January
7,
2010
Christianity in Mesopotamia Before ad
410[1]
The Jesus
Connection
Mesopotamian Christianity - as expressed
in the Assyro-Chaldean Church of the
East - is a form of Eastern Christianity
whose marks belong to the one, holy
catholic and apostolic Church the Lord
established. This venerable tradition is
probably the closest expression of faith
and practice to the religious and
cultural milieu Jesus of Nazareth was
born and raised in.
To explain what the title
of this paper entails we will need to
sketch out the characteristics and the
development of the institutional
Christianity in the eastern empires of
Parthia and, later, Persia in the
post-apostolic age until the turn of the
5th
century.
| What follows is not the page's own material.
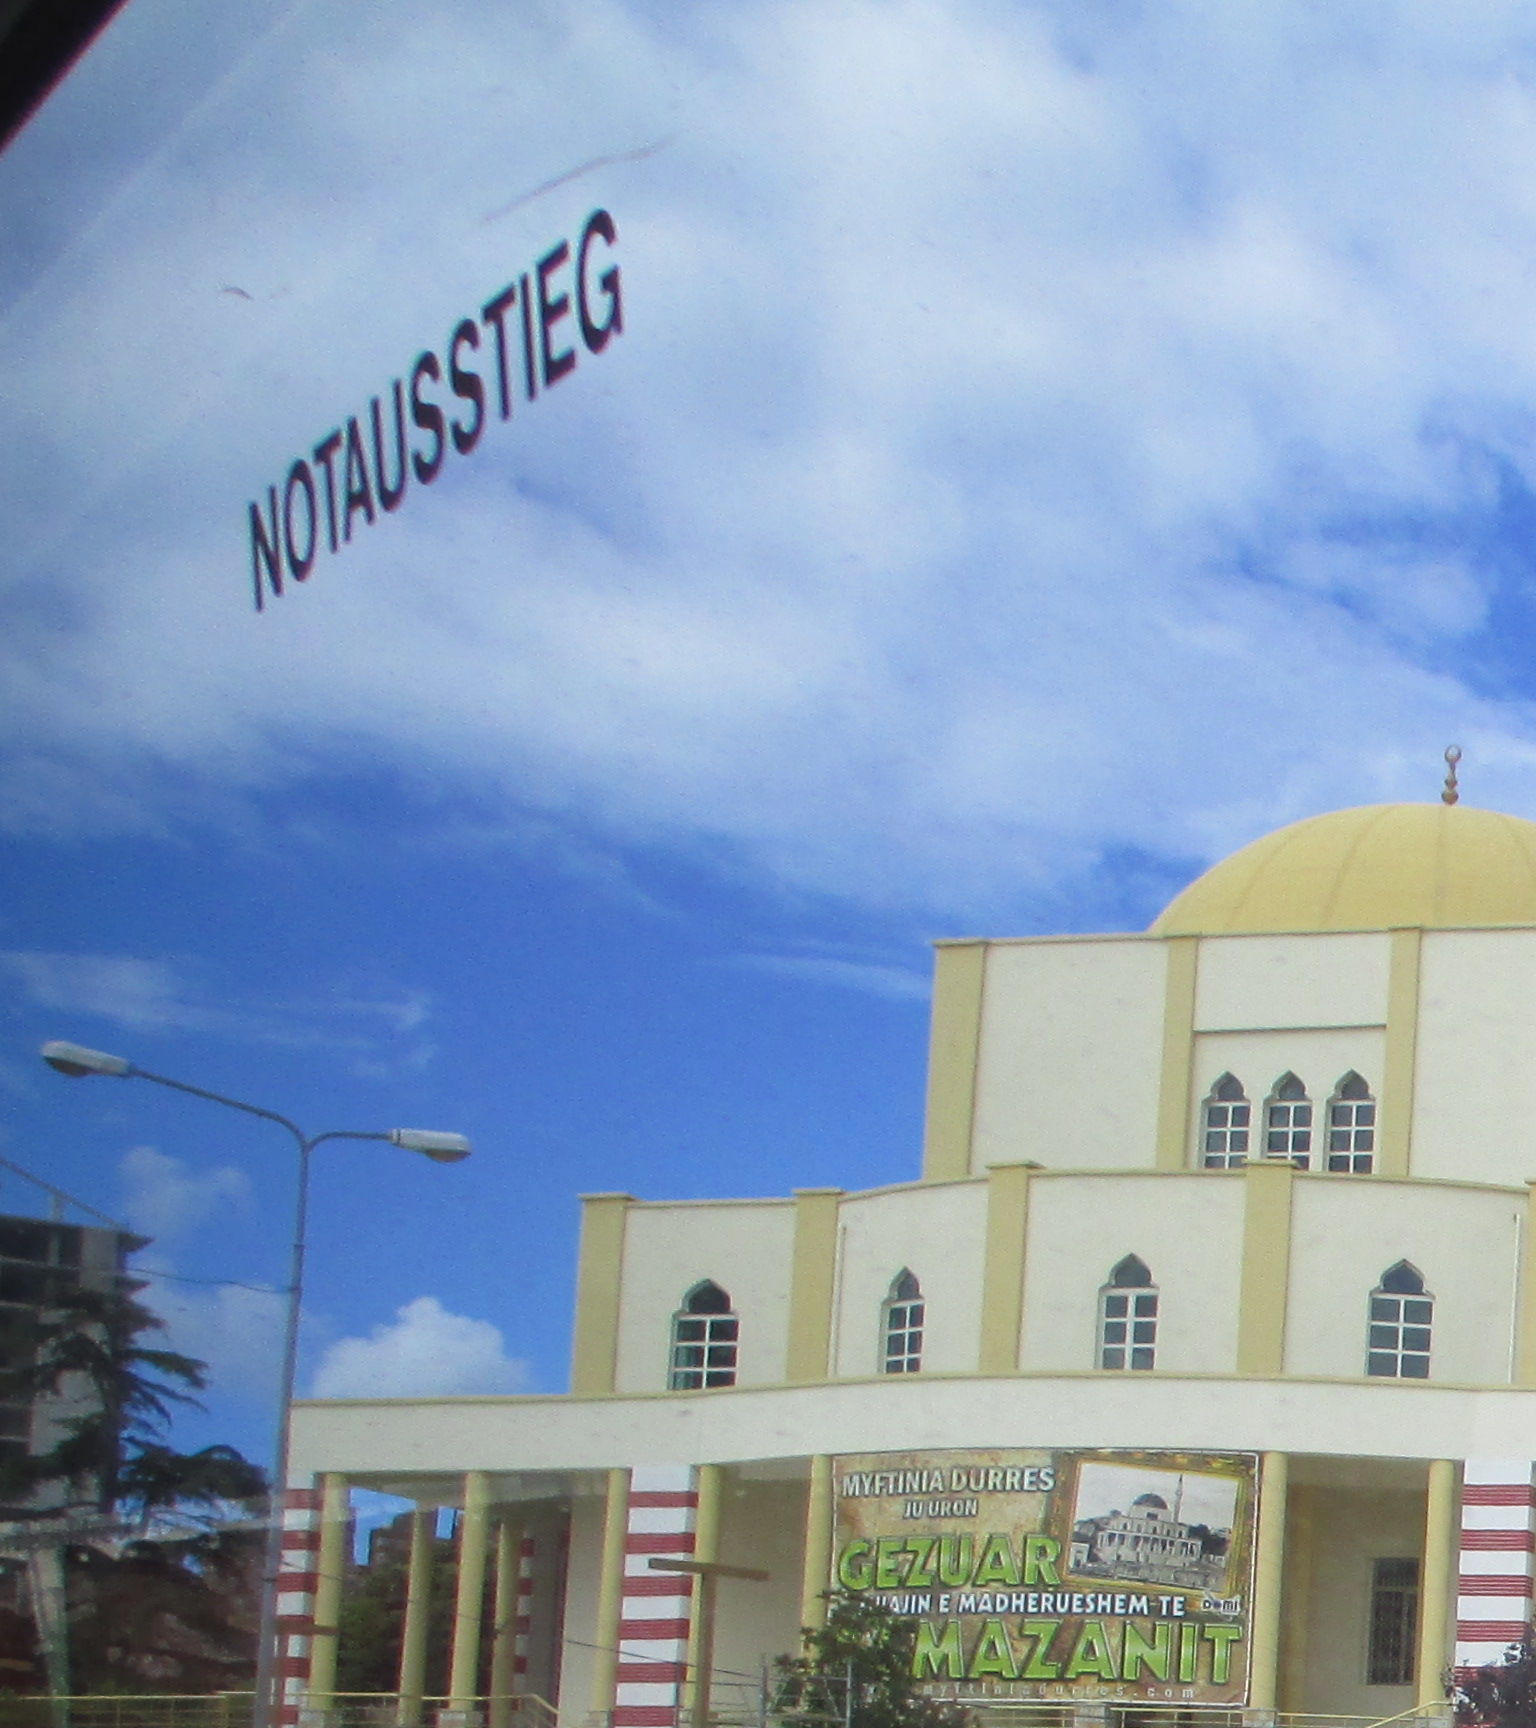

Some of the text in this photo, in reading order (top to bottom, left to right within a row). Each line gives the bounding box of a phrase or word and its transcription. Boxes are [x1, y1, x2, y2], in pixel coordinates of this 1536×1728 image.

The resources for such an
undertaking are meager, usually coming
from later recollections of earlier
events and reflections on the meaning of
those events by Church authors. Unlike
resources available to us regarding such
developments in the western empire of
the Romans during the apostolic age,
there are no letters of St. Paul or
others, or histories such as St. Luke’s
“Acts” of the Apostles, which we may
draw upon for the development of
Christianity in Mesopotamia.
As Mesopotamia became
increasingly populated with exiled Jews,
specifically after the Assyrian exile of
Northern Kingdom of Israel in 721 bc and
the Babylonian exile of Judah in 587 bc,
the number of Jewish people in
Mesopotamia increased tremendously.
After the fall of Babylon in 538 bc,
Cyrus permitted large numbers of
Babylonian Jewry to return to
Palestine. But the majority of them
preferred to stay, as over the centuries
Mesopotamia had become a home for them.
Also, they enjoyed a stable political
climate and a prosperous economic
environment. Josephus tells us that
after the fall of Babylonia, the world
Jewish population was composed of “two
tribes in Asia and Europe subject to the
Romans, while there have been ten tribes
beyond the Euphrates [in Mesopotamia],
with a countless myriad whose number
cannot be ascertained.”[2]
Such a
state of being allowed the Jews of
Mesopotamia for centuries to maintain
their Jewish faith, along with its
Messianic expectations, and many of them
went up to Jerusalem on pilgrimage on
that fateful Feast of Pentecost when the
apostolic witness to Christ first became
a public proclamation.[3]
In obedience to the command of Christ,[4]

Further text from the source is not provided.